The Economic Recovery is Most Visible in the Labour Market

Today’s Irish Times has my two cents on Ireland’s economic recovery here

 

15 replies on “The Economic Recovery is Most Visible in the Labour Market”

Nice to see house price increases spun as a good news story for a change. Oh, wait…

“Those who argued that the tax increases and spending cuts introduced over the past six years to restore order to the public finances would prove counterproductive have been proved wrong”

IMO….. that is the “punchline”. Well done Alan…. saying it as it is.

@Alan Ahearne

A positive take on the present situation.

Minor point:

Debt/GNP at ~140%, including an unconscionably odious 40% of the cost of the EZ banking crisis, will not go away any time soon; nor will the interest payments.

Don’t suppose your pals in the IMF (well done btw) have any exocets lying around that might budge the ECB(undesbanke) into redressing the gross injustice meted out to the Irish Citizenry by the Financial System and its local overlords?

Isn’t the argument that the economy picks up when consumers can see rising incomes an argument for doing all the austerity in one go?

fyi – Steve Keen

Considering Economics? Consider Kingston

If you know any UK student who is considering doing economics at University, please refer them to this blog post. This Thursday, you’ll find out your A-Level results. Whatever they are, if you are considering doing an economics degree, then I want you to consider doing it at Kingston University. At first glance, that’s something you wouldn’t do if you had a choice, because Kingston rates well down the list in the Guardian League Table. Why choose Kingston—which is at the bottom of the Guardian’s list—if, for example, your A-level results would get you into Oxford, which is at the top? A clue as to why can be found in The Guardian itself—not in the League Table, but in a recent column by The Guardian’s senior economics commentator Aditya Chakrabortty, entitled “Uni­ver­sity eco­nom­ics teach­ing isn’t an edu­ca­tion: it’s a £9,000 lobotomy“. –

http://www.debtdeflation.com/blogs/2014/08/12/considering-economics-consider-kingston/

@ DO’D: A £9,000 lobotomy? “Certainly sir/madam, and would that be with, or without, anaesthesia?”

Sean Ó Riain’s recent safari in search of the mythical Celtic Tiger* – which is/was actually nothing more that an artfully lipsticked pig, methodically describes the Orish political/sociological/bureaucratic Mindset and the ‘en-stitutions’ that such mindsets, acting in concert (which is actually kinda oxymoronic) create and maintain. Is there something Freudian in the Orish Psychic Mindset about ‘silos’: being tall, thick, stiff and all? Just curious. Anyhows, universities (and a few other such places) are nicely populated with many such mindsets and hence abide.

*’The Rise and Fall of Ireland’s Celtic Tiger: liberalism, boom and bust.’

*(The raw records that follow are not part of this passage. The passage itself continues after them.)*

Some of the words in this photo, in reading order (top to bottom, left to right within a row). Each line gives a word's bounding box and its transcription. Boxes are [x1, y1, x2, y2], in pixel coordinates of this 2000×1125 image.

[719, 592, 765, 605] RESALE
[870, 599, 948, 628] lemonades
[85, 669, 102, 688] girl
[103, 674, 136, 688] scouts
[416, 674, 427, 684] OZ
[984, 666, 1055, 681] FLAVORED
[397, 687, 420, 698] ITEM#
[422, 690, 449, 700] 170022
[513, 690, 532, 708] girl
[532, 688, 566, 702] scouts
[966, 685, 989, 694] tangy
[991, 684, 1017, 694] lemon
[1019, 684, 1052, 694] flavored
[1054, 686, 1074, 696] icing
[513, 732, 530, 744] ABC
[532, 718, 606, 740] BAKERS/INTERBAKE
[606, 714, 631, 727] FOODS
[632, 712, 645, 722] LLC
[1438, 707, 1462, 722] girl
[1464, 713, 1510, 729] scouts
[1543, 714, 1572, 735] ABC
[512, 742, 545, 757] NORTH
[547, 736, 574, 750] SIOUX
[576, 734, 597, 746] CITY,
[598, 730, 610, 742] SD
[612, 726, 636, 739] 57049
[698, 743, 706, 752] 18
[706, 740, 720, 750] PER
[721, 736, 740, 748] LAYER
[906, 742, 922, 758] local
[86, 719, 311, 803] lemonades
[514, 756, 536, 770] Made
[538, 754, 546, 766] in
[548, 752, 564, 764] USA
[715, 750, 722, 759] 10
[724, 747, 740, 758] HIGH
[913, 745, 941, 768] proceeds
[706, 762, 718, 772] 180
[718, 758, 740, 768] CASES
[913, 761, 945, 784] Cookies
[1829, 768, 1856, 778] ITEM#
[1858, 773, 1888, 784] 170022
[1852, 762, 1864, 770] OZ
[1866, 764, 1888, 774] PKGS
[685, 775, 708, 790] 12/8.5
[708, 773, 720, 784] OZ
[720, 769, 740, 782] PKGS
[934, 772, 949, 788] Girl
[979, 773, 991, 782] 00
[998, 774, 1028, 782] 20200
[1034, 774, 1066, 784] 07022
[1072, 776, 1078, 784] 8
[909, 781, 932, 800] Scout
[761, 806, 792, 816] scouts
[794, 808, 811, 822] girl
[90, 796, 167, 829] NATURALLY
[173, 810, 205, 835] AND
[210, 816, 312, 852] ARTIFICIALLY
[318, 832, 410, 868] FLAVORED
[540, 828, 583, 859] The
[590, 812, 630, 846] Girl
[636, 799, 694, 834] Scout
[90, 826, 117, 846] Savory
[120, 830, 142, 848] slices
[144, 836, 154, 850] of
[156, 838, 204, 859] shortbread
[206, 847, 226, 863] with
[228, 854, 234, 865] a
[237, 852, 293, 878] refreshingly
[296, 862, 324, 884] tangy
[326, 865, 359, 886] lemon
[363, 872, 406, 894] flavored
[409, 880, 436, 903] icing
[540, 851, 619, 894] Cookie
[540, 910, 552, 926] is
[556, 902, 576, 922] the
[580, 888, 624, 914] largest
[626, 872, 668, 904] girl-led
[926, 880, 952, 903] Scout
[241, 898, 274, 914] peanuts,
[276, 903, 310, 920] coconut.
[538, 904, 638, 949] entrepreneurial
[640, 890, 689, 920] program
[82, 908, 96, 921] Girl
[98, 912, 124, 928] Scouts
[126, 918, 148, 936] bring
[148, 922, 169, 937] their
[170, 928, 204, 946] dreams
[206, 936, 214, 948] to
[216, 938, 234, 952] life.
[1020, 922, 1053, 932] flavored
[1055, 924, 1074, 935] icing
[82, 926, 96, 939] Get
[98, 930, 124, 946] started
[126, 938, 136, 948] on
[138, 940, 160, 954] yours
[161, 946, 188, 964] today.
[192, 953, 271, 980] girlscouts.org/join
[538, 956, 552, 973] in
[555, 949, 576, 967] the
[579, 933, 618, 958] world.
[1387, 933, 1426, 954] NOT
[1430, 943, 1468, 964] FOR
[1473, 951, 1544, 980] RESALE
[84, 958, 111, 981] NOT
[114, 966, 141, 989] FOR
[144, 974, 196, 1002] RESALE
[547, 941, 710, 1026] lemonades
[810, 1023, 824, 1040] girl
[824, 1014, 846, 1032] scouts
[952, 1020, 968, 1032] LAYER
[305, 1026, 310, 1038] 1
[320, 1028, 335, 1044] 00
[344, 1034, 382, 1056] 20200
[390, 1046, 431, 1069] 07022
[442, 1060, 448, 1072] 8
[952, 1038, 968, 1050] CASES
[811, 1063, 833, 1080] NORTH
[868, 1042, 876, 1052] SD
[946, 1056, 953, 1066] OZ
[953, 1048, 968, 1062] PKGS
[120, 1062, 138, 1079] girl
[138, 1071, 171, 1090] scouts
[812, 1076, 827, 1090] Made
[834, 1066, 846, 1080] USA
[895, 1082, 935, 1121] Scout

Its a serious scholarly text. I would have serious reservations about some of the stuff he discusses and explains – . But some other time. If you do purchase it, then I would advise you start with chapters 5 + 6: then stop. Now get a copy of William Kingston’s ‘Interrogating Irish Policies’. Read the relevant essays for context. Then resume Ó Riain. Chapters 1 thru 4 are tough going, though again some parallel readings are advised (Peadar Kirby’s ‘Celtic Tiger in Collapse: explaining the weakness of the Irish model.’, 2nd ed. and Greta Krippner’s ‘Capitalizing on Crisis: the political origins of the rise of finance.’

Is it any wonder The Lady wondered about economist’s eyesights – seems they forgot to go to SpecSavers for those reading specs! Not that it would have made a blind bit of difference. The Orish Mindset abides!

@Brian Woods Snr

I’m slow to buy ‘books’ on Ireland’s recent bout of [*****] – appreciated the tips ….

I view Power, Context & Time as key variables ….

A recent paper:Why Isn’t Europe More Keynesian?

14/07/2014 by Seán Ó Riain

‘Despite the appearance of foostering among policy-makers, the most striking features of European policy during the Great Recession have been its narrowness and consistency. Alongside measures to support the financial sector, the resolute policy focus has been on managing the debt crisis through fiscal consolidation. Despite ongoing debates about the self-defeating nature of ‘austerity’ at the European level, EU elites have resisted what they see as the siren call of Keynesianism.

http://www.social-europe.eu/2014/07/europe-more-keynesian/

The Oirish Mindset? I’m having a good day – some other day! In the interim check out Peter Mair …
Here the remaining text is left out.